The Cagayan de Oro City-based SIAM Corp. operates the commercial broadcast stations known as Bantay Radyo and has three AM radio stations operating in Cebu City (DYDD-1260 kHz),  Bogo City (DYHH-864 kHz) and Bacolod City (DYZZ-1458 kHz), which can be heard all over Cebu, Negros Oriental, Leyte and Samar.

House Bill 5176 authored by Reps.
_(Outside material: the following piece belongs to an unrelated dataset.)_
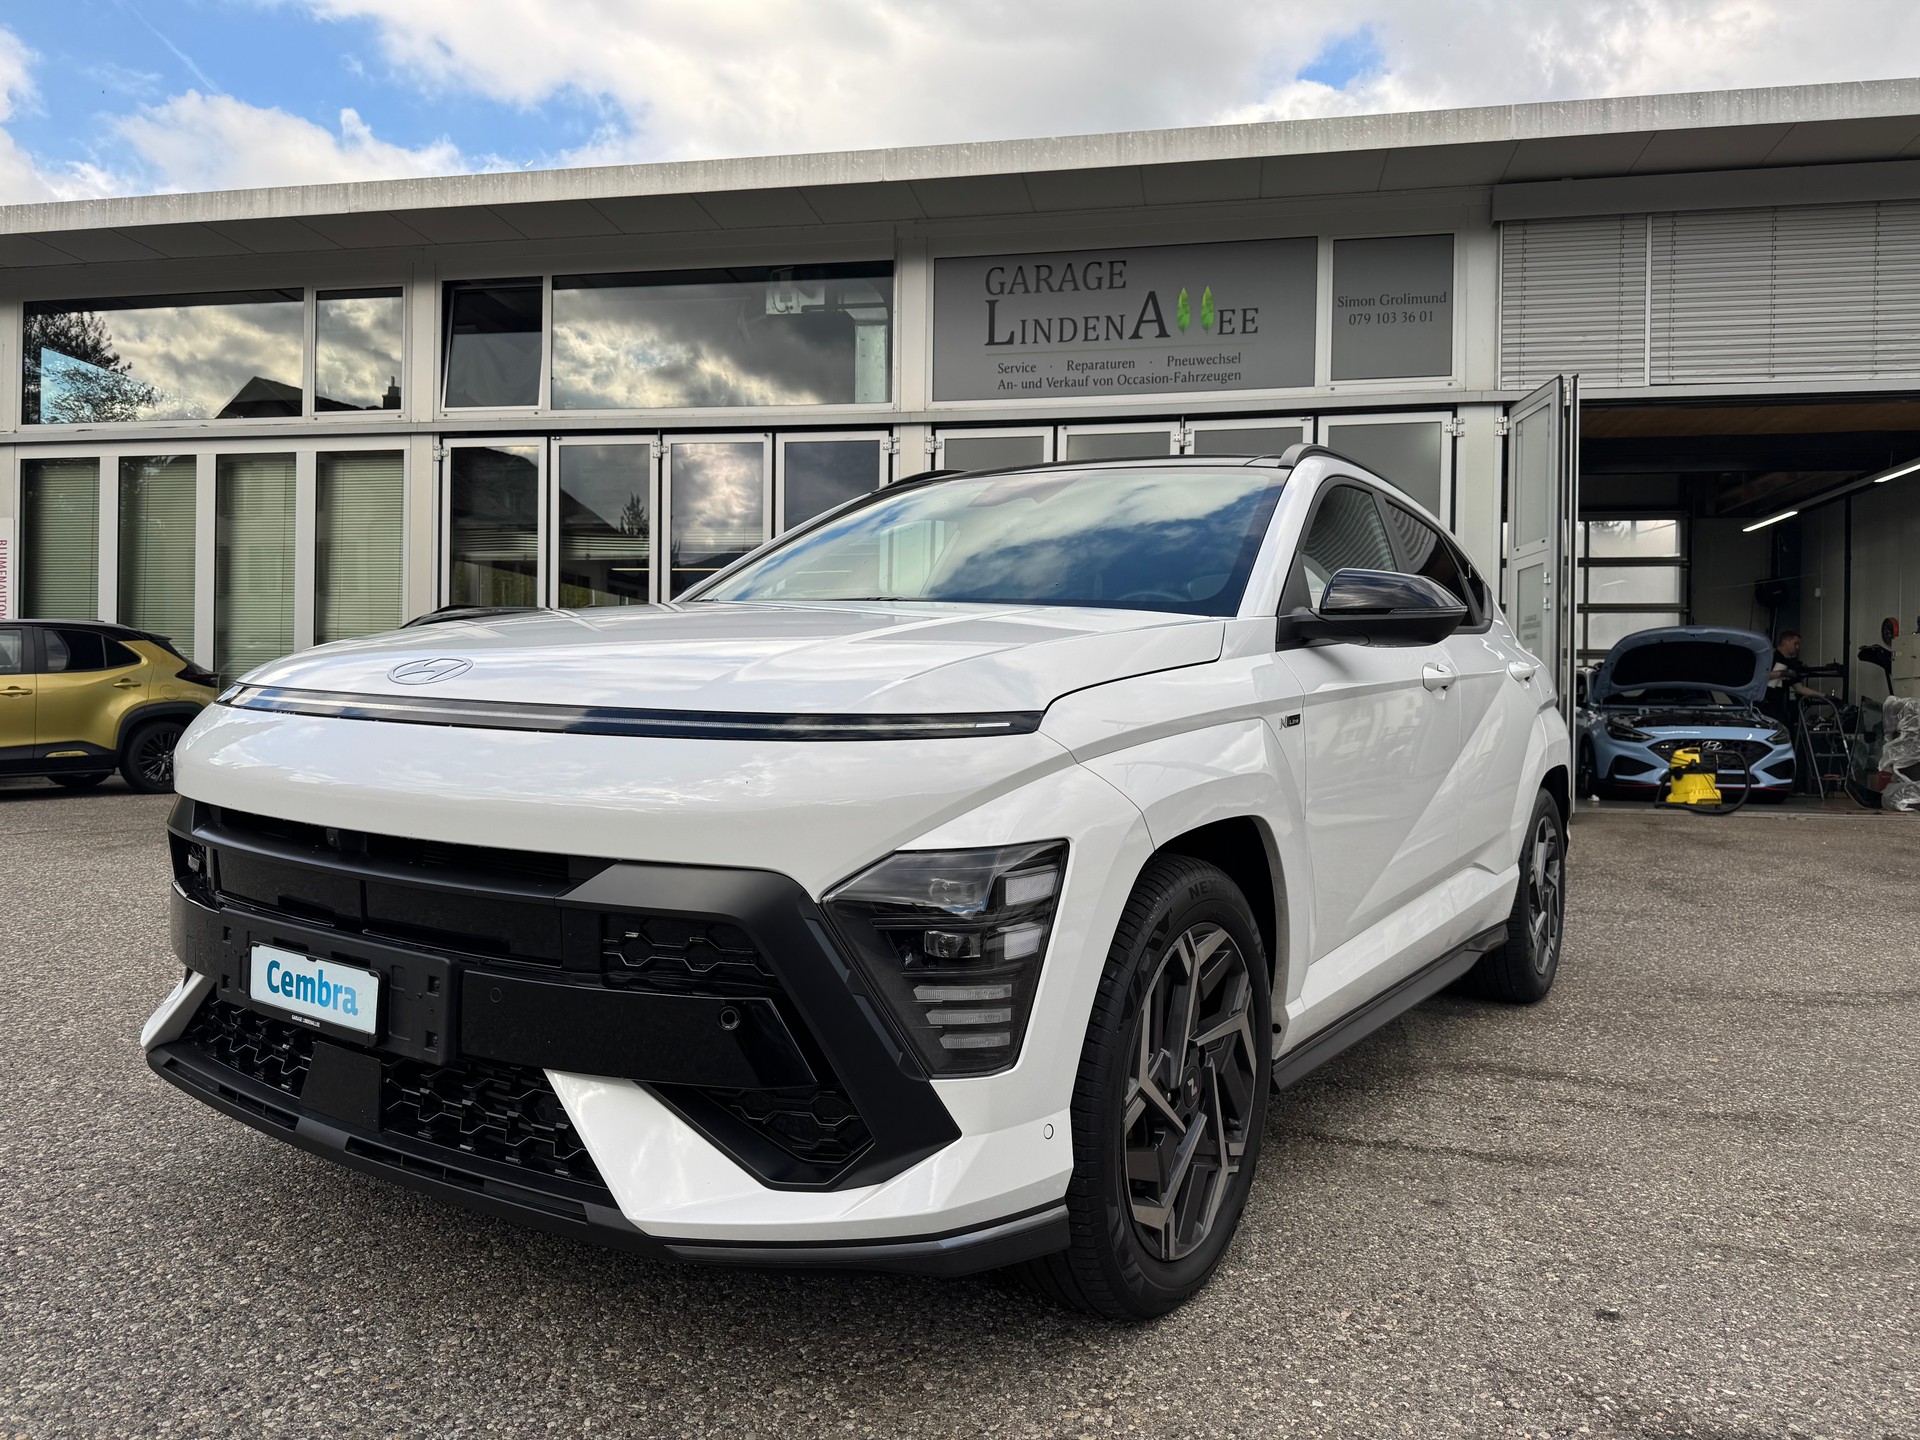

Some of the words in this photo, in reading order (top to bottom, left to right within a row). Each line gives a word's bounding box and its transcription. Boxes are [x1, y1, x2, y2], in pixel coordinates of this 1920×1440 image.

Xavier Jesus D. Romualdo (Lone District, Camiguin) and Franz E. Alvarez (1st District, Palawan), if signed into law, will now include digital television system and any new technology in radio and television.

SIAM Corp.’s mandated obligations under Philippine laws include its responsibility to  provide adequate time for government public service announcements and other educational efforts; promote public participation; advocate balanced programming; and conform to the ethics of honest enterprise.

It is also mandated to secure prior approval from the National Telecommunications Commission (NTC) and appropriate permits and licenses prior to its operation, as well as the requirement to undertake self-regulation and censorship.

The grantee is also mandated to submit an annual report to Congress, through the committee on legislative franchises of the House of Representatives and the committee on public services of the Senate, on its compliance with the terms and conditions of the franchise and on its operations on or before April 30 of every year during the term of the franchise.

Failure of the grantee to submit the requisite annual report to Congress shall be penalized by a fine of P500 per working day of non-compliance. The fine shall be collected by the NTC from the delinquent franchise grantee separate from the reportorial penalties imposed by the NTC.

The bill reiterates the restriction on sale, lease, transfer, usufruct, or assignment of the franchise without the prior approval of Congress. The franchise violation could result in the revocation and cancellation of the franchise.